Every line of the data should be written out exactly, with the pictures left out.

**SUPPLIED MATERIAL**
******

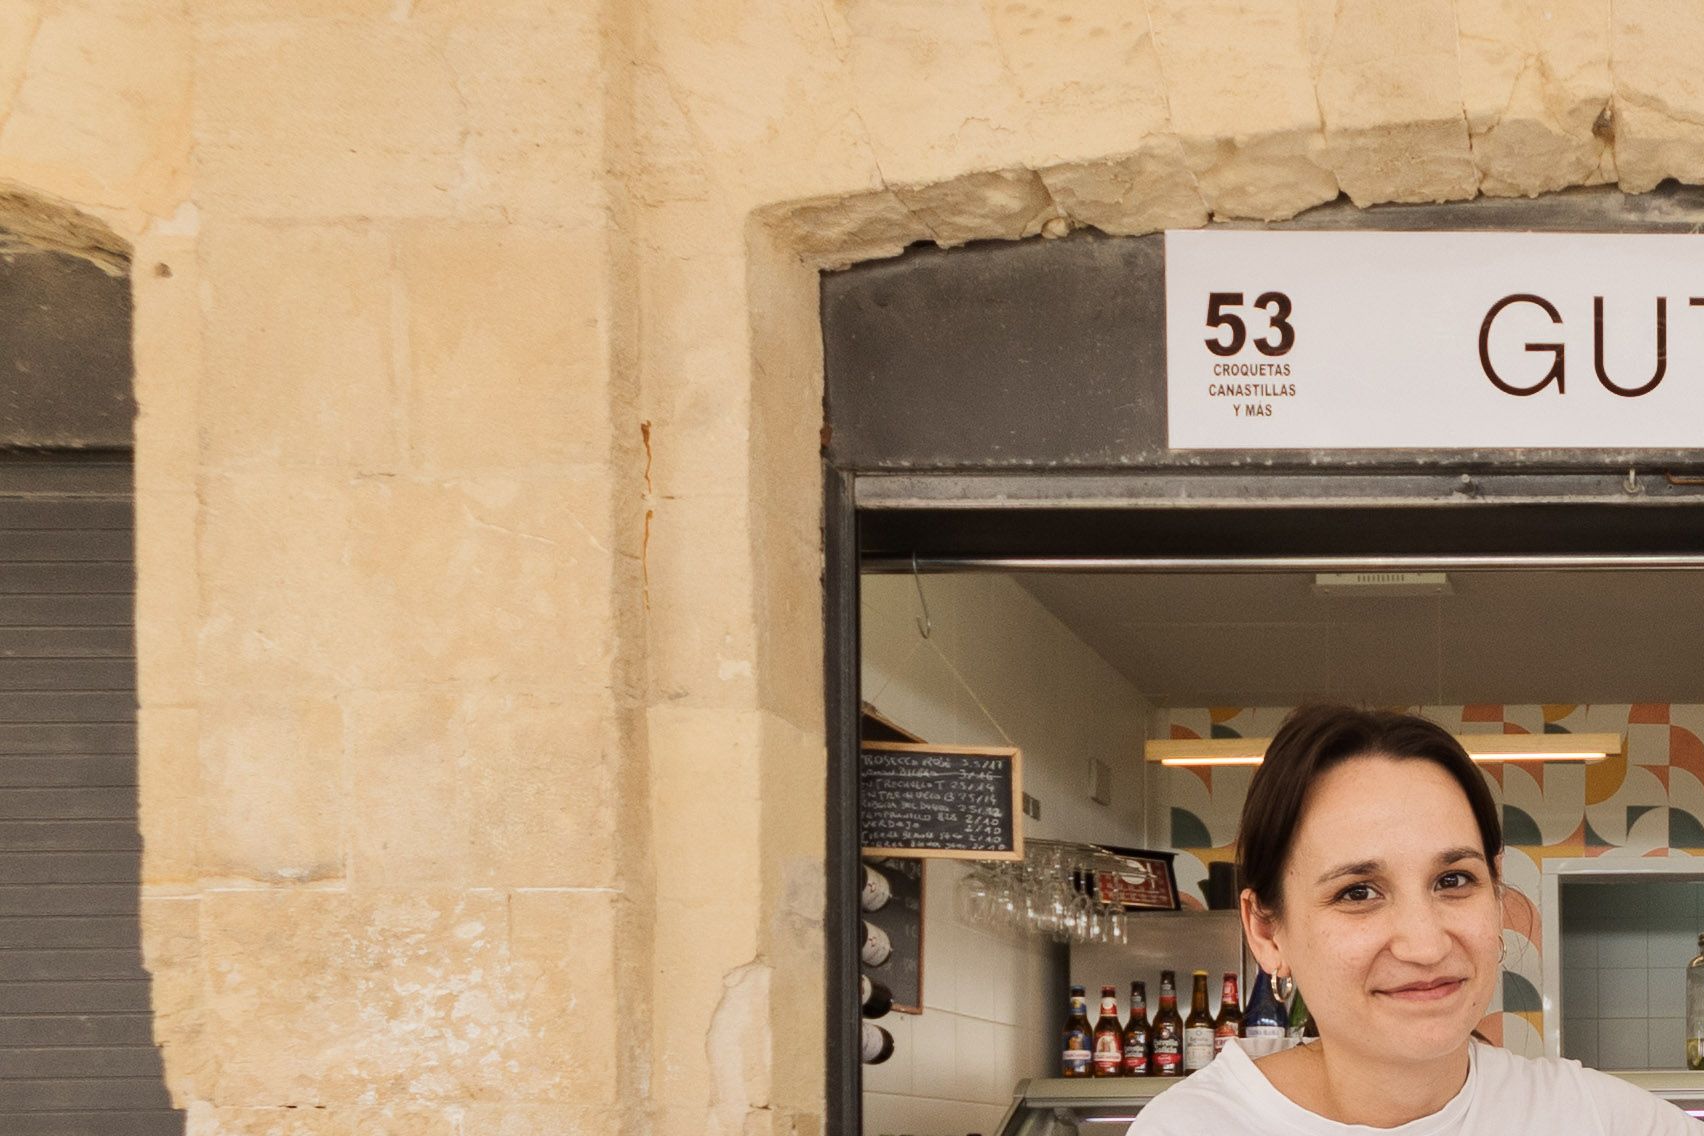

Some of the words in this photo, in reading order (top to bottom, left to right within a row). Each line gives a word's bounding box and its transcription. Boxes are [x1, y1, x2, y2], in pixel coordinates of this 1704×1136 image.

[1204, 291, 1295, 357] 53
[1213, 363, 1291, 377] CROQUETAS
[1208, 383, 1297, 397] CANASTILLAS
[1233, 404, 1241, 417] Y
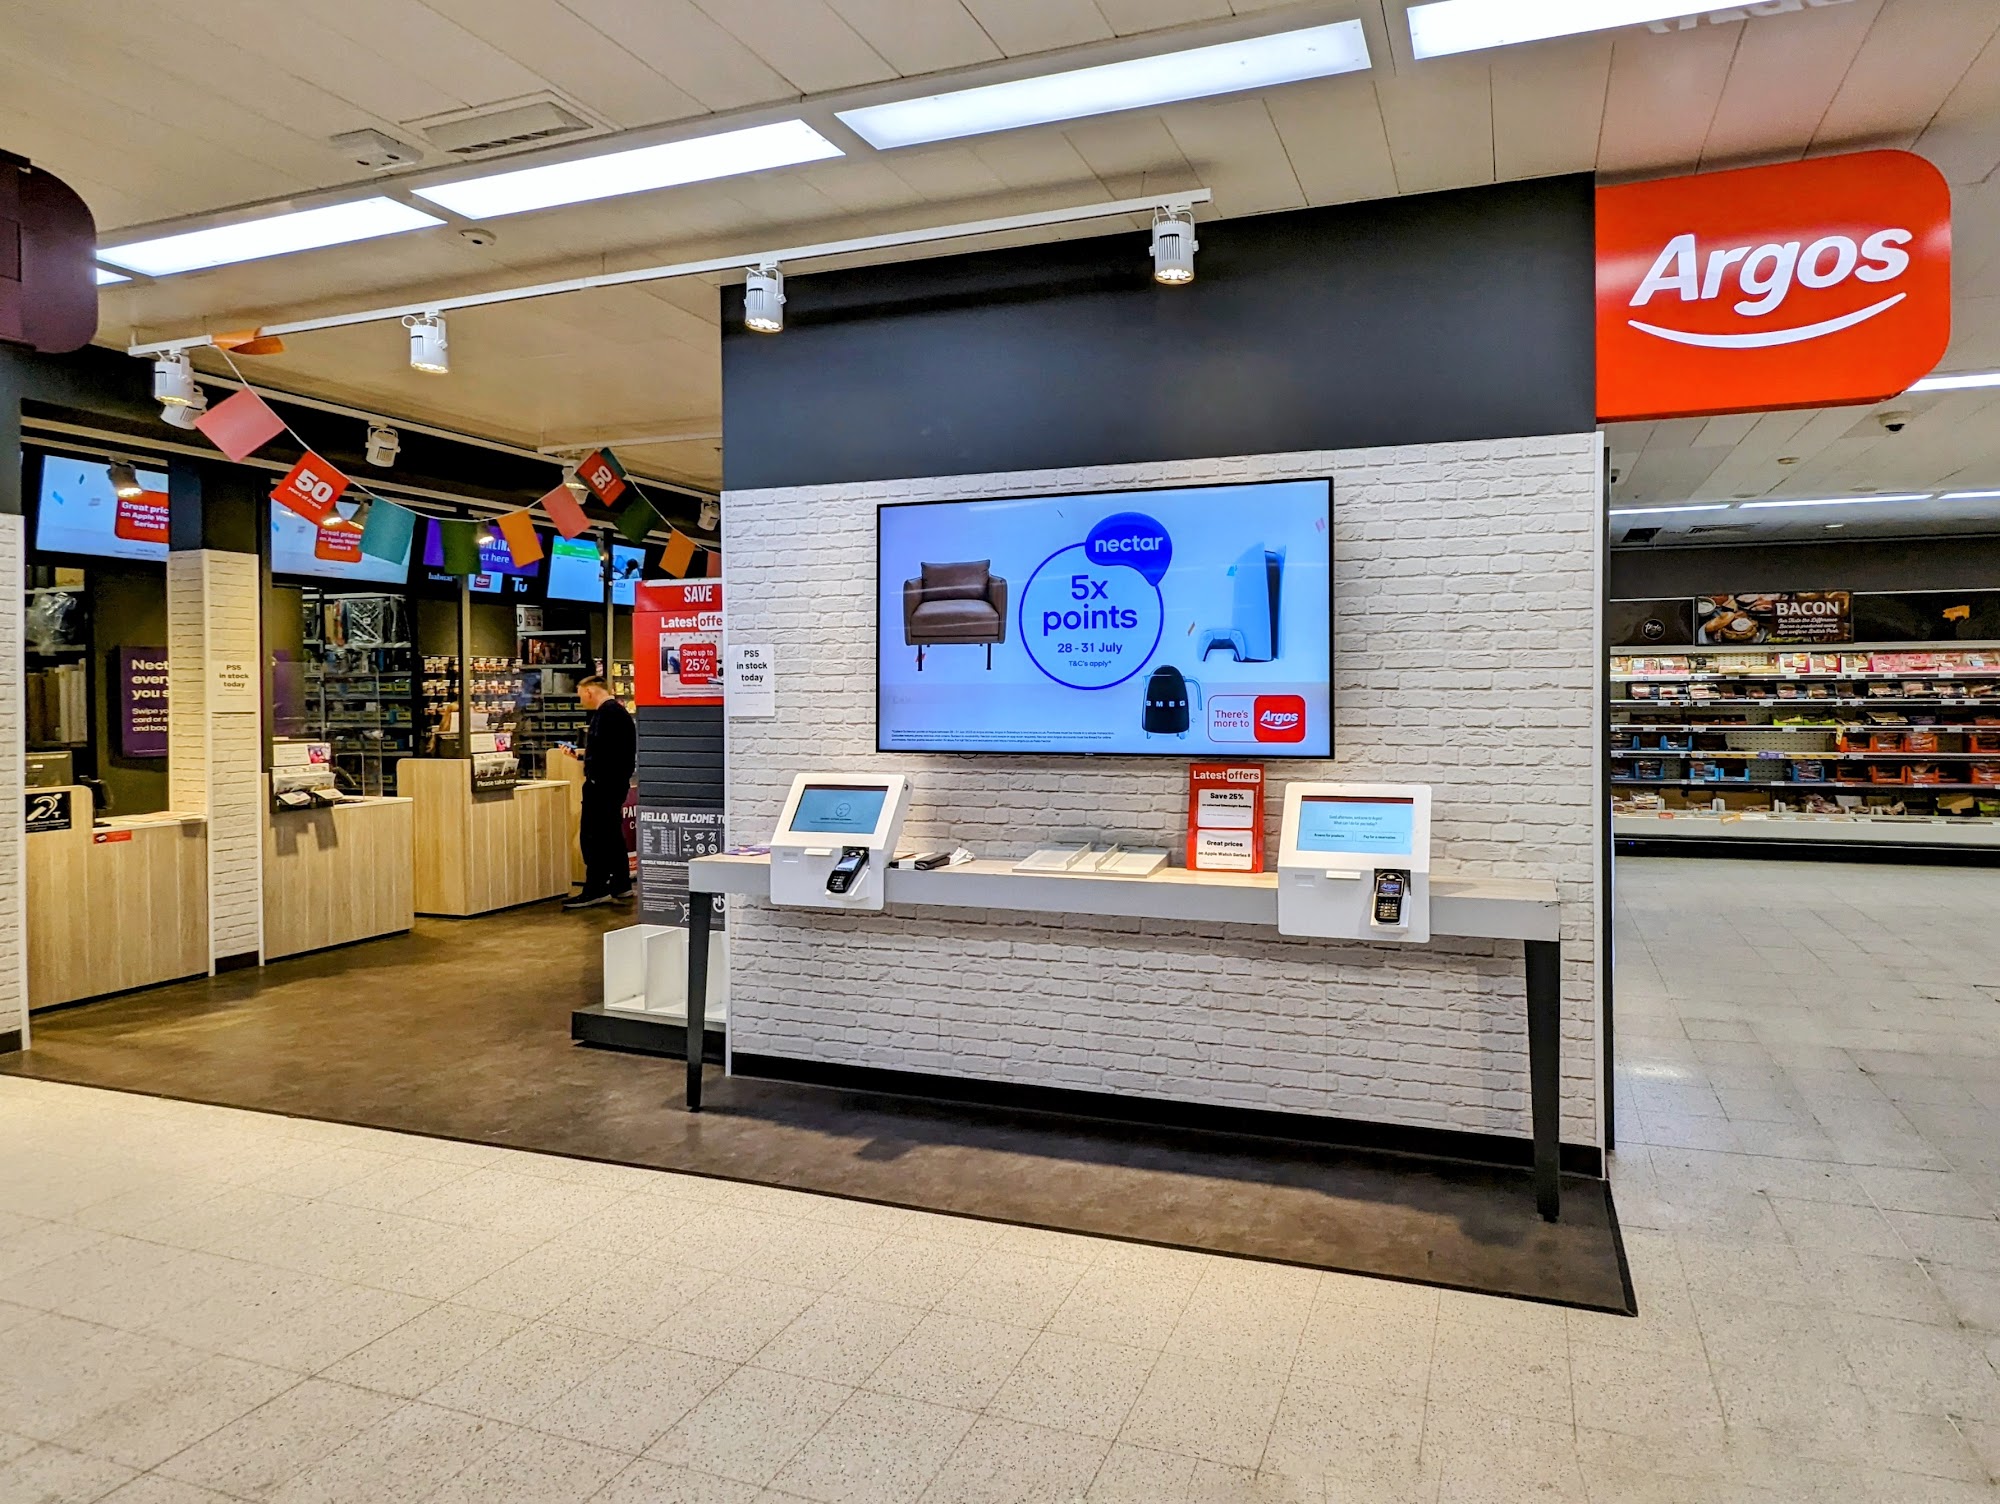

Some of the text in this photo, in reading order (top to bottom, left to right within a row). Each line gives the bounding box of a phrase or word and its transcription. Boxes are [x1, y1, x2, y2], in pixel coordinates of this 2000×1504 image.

******

**WRITTEN SOLUTION**
Some of the words in this photo, in reading order (top to bottom, left to right within a row). Each line gives a word's bounding box and its transcription. Boxes are [x1, y1, x2, y2], in pixel coordinates of this 1704×1136 image.

[1204, 291, 1295, 357] 53
[1213, 363, 1291, 377] CROQUETAS
[1208, 383, 1297, 397] CANASTILLAS
[1233, 404, 1241, 417] Y

Some of the text in this photo, in reading order (top to bottom, left to right within a row). Each line gives the bounding box of a phrase or word and its transcription. Boxes are [x1, y1, x2, y2], in pixel coordinates of this 2000×1504 image.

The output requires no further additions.